= Orazio Toscanella =

Italian philologist

Orazio Toscanella (1510-1580) was an Italian philologist, translator of Latin classics into Italian, active during the Renaissance mainly in the city of Venice.

== Biography ==
He was born in Toscanella and died in Venice. He was the author of grammar treatises, and a Latin-Italian dictionary. He was a member of the
Accademia dei Pastori Fratteggiani of Fratta Polesine. This was a literary society, or salon, founded in 1555 by the patron Lucrezia Gonzaga and meeting in the Palazzo Manfrone. Among its members was Lodovico Domenichi and Girolamo Ruscelli.

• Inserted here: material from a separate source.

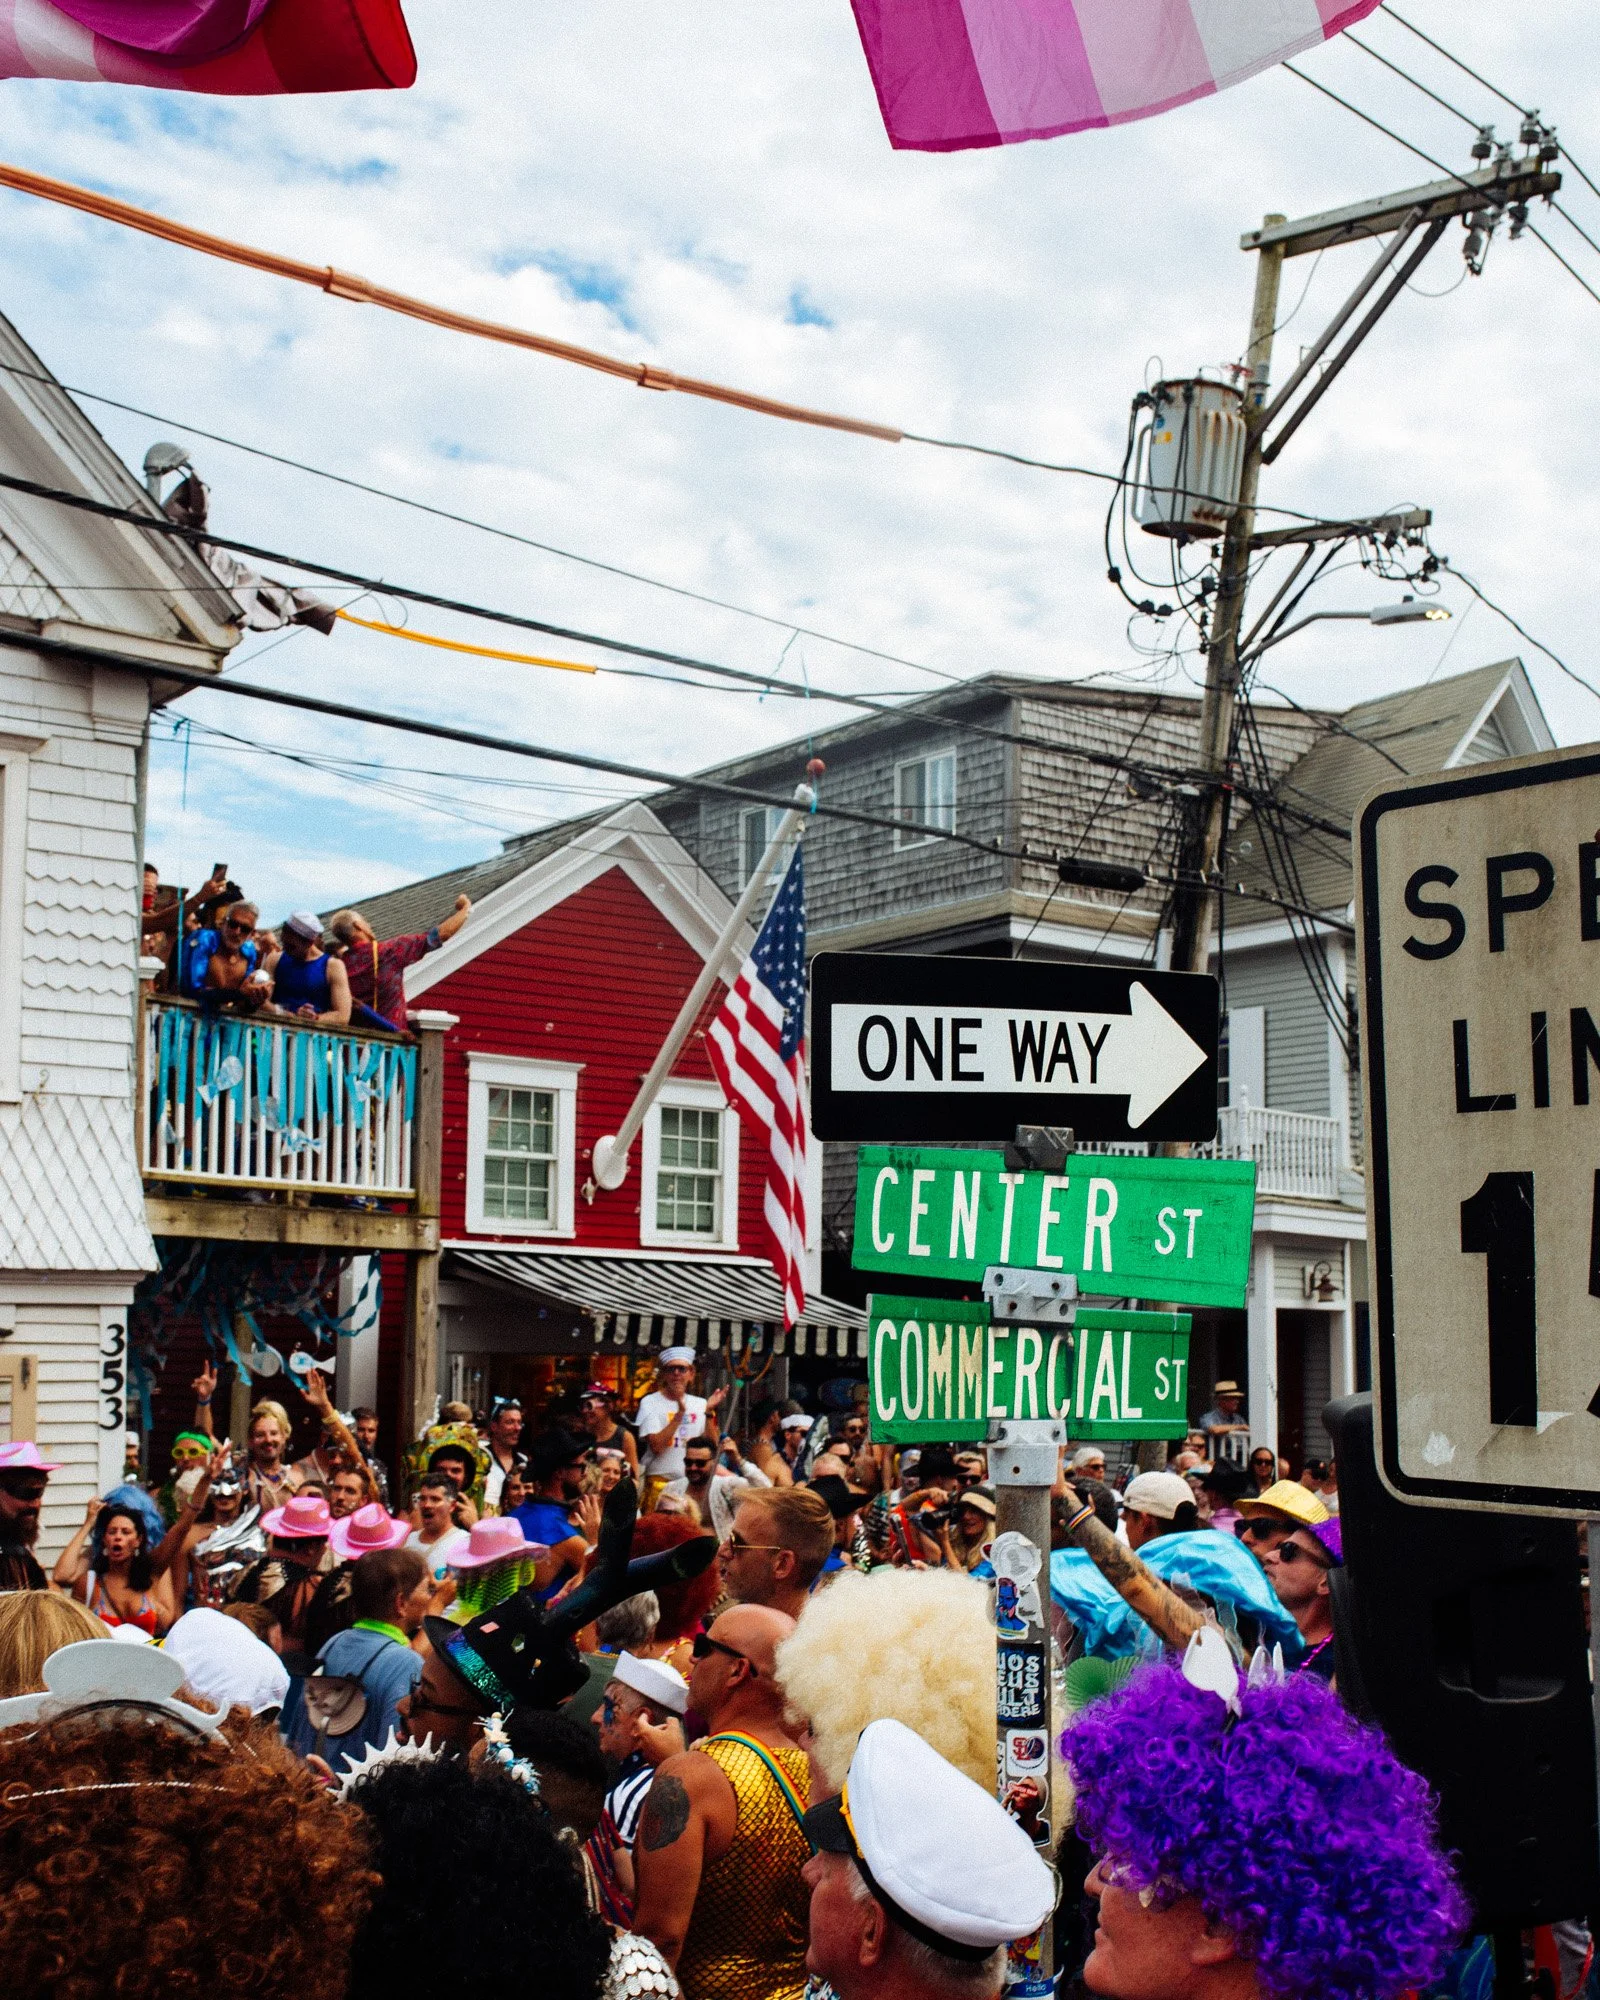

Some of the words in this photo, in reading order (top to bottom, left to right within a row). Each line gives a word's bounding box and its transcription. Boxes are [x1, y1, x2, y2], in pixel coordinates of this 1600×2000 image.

He was generally indigent during his life, mainly supporting himself as a tutor in the classics.

== Works ==
- Motti, Facetie, Argutie, burle, e altre piacevolezze, 1561
- Il Dialogo della partitione oratoria di Marco Tullio Cicerone; tirato in tauole da Oratio Toscanella della famiglia di maestro Luca fiorentino: con una tauola copiosissima, 1566
- La retorica di M. Tullio Cicerone a Gaio Herennio, ridotta in alberi, con tanto ordine, & con essempi cosi chiari, & ben collocati, che ciascuno potrà da se con mirabile facilità apprenderla, 1566
- Osservationi d'Oratio Toscanella della famiglia di maestro Luca Fiorentino, sopra l'opere di Virgilio, per discoprire, e insegnare à porre in prattica gli artifici importantissimi dell'arte poetica con gli essempi di Virgilio stesso, 1566
- L'Institutioni oratorie di Marco Fabio Quintiliano retore famosissimo; tradotte da Oratio Toscanella della famiglia di maestro Luca Fiorentino : et arricchite dal medesimo della dichiaratione dei luochi piu difficili in margine: di quattro tauole ... della vita dello Autore: ..., (Venice, 1566, in quarto)
- Nomi antichi e moderni delle provincie, citta, ecc dell'Europa, Africa ed America (Venezia, 1567 in octavo)
- Precetti necessarij, overo Miscellane; parte in capi, parte in alberi, sopra diverse cose pertinenti alla grammatica, retorica, topica, loica, poetica, historia, & altre facoltà, 1567
- Armonia di tutti i principali retori, et migliori scrittori degli antichi, & nostri tempi; posta in registro, et accordata da Oratio Toscanella, 1569
- Essortatione di m. Oratio Toscanella ai cristiani contra il Turco, 1572
- Applicamento dei precetti della inventione, dispositione et elocutione, che propriamente serve allo scrittore di epistole latine, et volgari... : Aggiuntovi le quattro virtù dell'oratione, con tutte le cose, che fanno perfetta l'oratione. Et specialmente la virtù dell'ornamento...., 1575

== Bibliography ==
- Annamaria Gallina, Contributi alla storia della lessicografia italo-espagnola dei secoli XVI e XVII, Leo S. Olschki, Firenze, 1959, pp. 153–159.
- Biblioteca Virtual de la Filologia Espanola. Toscanella, Orazio (1520-1580).